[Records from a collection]
[Start of section]

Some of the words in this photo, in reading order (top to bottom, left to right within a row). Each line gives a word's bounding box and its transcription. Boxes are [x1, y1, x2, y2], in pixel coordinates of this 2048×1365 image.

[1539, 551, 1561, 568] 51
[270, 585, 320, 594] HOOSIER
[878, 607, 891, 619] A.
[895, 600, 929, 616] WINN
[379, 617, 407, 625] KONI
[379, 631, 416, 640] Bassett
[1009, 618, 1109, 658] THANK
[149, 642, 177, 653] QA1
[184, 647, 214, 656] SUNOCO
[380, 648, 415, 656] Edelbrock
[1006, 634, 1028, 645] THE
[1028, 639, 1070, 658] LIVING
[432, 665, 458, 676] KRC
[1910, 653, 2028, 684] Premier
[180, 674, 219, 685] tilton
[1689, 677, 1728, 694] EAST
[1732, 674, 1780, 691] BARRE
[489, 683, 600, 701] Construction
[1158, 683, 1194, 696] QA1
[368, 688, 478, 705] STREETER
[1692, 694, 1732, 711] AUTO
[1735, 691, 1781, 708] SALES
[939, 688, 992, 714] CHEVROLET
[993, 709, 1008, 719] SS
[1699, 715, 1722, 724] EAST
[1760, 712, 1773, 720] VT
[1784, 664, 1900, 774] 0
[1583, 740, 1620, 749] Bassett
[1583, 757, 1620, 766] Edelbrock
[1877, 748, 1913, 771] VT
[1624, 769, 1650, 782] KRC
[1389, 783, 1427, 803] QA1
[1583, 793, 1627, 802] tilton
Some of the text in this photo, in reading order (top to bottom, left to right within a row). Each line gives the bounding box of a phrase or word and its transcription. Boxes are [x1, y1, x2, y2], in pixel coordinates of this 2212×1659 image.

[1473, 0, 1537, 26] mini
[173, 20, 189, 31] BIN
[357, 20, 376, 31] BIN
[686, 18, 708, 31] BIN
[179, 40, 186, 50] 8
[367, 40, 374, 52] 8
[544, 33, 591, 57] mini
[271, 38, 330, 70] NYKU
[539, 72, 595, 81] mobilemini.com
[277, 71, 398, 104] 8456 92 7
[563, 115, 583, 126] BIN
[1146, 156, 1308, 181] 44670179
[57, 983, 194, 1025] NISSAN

[End of section]

▸ **Problem description**
An accurate, complete transcription of the records above is needed.

▸ **Solution**
Some of the words in this photo, in reading order (top to bottom, left to right within a row). Each line gives a word's bounding box and its transcription. Boxes are [x1, y1, x2, y2], in pixel coordinates of this 2048×1365 image.

[1539, 551, 1561, 568] 51
[270, 585, 320, 594] HOOSIER
[878, 607, 891, 619] A.
[895, 600, 929, 616] WINN
[379, 617, 407, 625] KONI
[379, 631, 416, 640] Bassett
[1009, 618, 1109, 658] THANK
[149, 642, 177, 653] QA1
[184, 647, 214, 656] SUNOCO
[380, 648, 415, 656] Edelbrock
[1006, 634, 1028, 645] THE
[1028, 639, 1070, 658] LIVING
[432, 665, 458, 676] KRC
[1910, 653, 2028, 684] Premier
[180, 674, 219, 685] tilton
[1689, 677, 1728, 694] EAST
[1732, 674, 1780, 691] BARRE
[489, 683, 600, 701] Construction
[1158, 683, 1194, 696] QA1
[368, 688, 478, 705] STREETER
[1692, 694, 1732, 711] AUTO
[1735, 691, 1781, 708] SALES
[939, 688, 992, 714] CHEVROLET
[993, 709, 1008, 719] SS
[1699, 715, 1722, 724] EAST
[1760, 712, 1773, 720] VT
[1784, 664, 1900, 774] 0
[1583, 740, 1620, 749] Bassett
[1583, 757, 1620, 766] Edelbrock
[1877, 748, 1913, 771] VT
[1624, 769, 1650, 782] KRC
[1389, 783, 1427, 803] QA1
[1583, 793, 1627, 802] tilton
Some of the text in this photo, in reading order (top to bottom, left to right within a row). Each line gives the bounding box of a phrase or word and its transcription. Boxes are [x1, y1, x2, y2], in pixel coordinates of this 2212×1659 image.

[1473, 0, 1537, 26] mini
[173, 20, 189, 31] BIN
[357, 20, 376, 31] BIN
[686, 18, 708, 31] BIN
[179, 40, 186, 50] 8
[367, 40, 374, 52] 8
[544, 33, 591, 57] mini
[271, 38, 330, 70] NYKU
[539, 72, 595, 81] mobilemini.com
[277, 71, 398, 104] 8456 92 7
[563, 115, 583, 126] BIN
[1146, 156, 1308, 181] 44670179
[57, 983, 194, 1025] NISSAN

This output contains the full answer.